> [The task]: Character for character, give back every line below.

> [The data]:
····················

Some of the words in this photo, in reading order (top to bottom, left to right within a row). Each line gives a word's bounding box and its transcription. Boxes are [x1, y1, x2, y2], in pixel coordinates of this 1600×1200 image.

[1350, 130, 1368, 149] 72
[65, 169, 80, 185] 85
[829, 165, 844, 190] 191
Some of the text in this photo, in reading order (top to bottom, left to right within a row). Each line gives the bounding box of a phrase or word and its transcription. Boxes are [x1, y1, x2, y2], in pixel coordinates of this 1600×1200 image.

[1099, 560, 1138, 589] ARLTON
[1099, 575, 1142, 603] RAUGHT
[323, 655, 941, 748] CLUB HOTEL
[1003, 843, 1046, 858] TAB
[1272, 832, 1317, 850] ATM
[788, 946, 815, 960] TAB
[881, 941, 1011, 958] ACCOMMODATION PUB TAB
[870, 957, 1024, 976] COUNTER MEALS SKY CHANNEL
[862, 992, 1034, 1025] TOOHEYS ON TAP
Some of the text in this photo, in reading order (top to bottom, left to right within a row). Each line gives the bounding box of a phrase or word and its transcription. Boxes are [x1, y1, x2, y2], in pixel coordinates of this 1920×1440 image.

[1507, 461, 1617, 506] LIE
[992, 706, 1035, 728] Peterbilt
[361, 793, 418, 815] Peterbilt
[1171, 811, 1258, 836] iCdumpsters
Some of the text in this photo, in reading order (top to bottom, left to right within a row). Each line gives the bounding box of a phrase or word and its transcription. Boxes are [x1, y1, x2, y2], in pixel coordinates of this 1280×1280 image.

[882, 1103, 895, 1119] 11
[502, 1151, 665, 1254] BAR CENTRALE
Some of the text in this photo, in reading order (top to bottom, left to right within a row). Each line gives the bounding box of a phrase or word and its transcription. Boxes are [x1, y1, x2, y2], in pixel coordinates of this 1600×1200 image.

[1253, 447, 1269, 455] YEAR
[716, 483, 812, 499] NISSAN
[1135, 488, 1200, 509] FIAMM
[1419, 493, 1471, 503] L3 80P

····················

> [Written reply]:
Some of the words in this photo, in reading order (top to bottom, left to right within a row). Each line gives a word's bounding box and its transcription. Boxes are [x1, y1, x2, y2], in pixel coordinates of this 1600×1200 image.

[1350, 130, 1368, 149] 72
[65, 169, 80, 185] 85
[829, 165, 844, 190] 191
Some of the text in this photo, in reading order (top to bottom, left to right within a row). Each line gives the bounding box of a phrase or word and its transcription. Boxes are [x1, y1, x2, y2], in pixel coordinates of this 1600×1200 image.

[1099, 560, 1138, 589] ARLTON
[1099, 575, 1142, 603] RAUGHT
[323, 655, 941, 748] CLUB HOTEL
[1003, 843, 1046, 858] TAB
[1272, 832, 1317, 850] ATM
[788, 946, 815, 960] TAB
[881, 941, 1011, 958] ACCOMMODATION PUB TAB
[870, 957, 1024, 976] COUNTER MEALS SKY CHANNEL
[862, 992, 1034, 1025] TOOHEYS ON TAP
Some of the text in this photo, in reading order (top to bottom, left to right within a row). Each line gives the bounding box of a phrase or word and its transcription. Boxes are [x1, y1, x2, y2], in pixel coordinates of this 1920×1440 image.

[1507, 461, 1617, 506] LIE
[992, 706, 1035, 728] Peterbilt
[361, 793, 418, 815] Peterbilt
[1171, 811, 1258, 836] iCdumpsters
Some of the text in this photo, in reading order (top to bottom, left to right within a row). Each line gives the bounding box of a phrase or word and its transcription. Boxes are [x1, y1, x2, y2], in pixel coordinates of this 1280×1280 image.

[882, 1103, 895, 1119] 11
[502, 1151, 665, 1254] BAR CENTRALE
Some of the text in this photo, in reading order (top to bottom, left to right within a row). Each line gives the bounding box of a phrase or word and its transcription. Boxes are [x1, y1, x2, y2], in pixel coordinates of this 1600×1200 image.

[1253, 447, 1269, 455] YEAR
[716, 483, 812, 499] NISSAN
[1135, 488, 1200, 509] FIAMM
[1419, 493, 1471, 503] L3 80P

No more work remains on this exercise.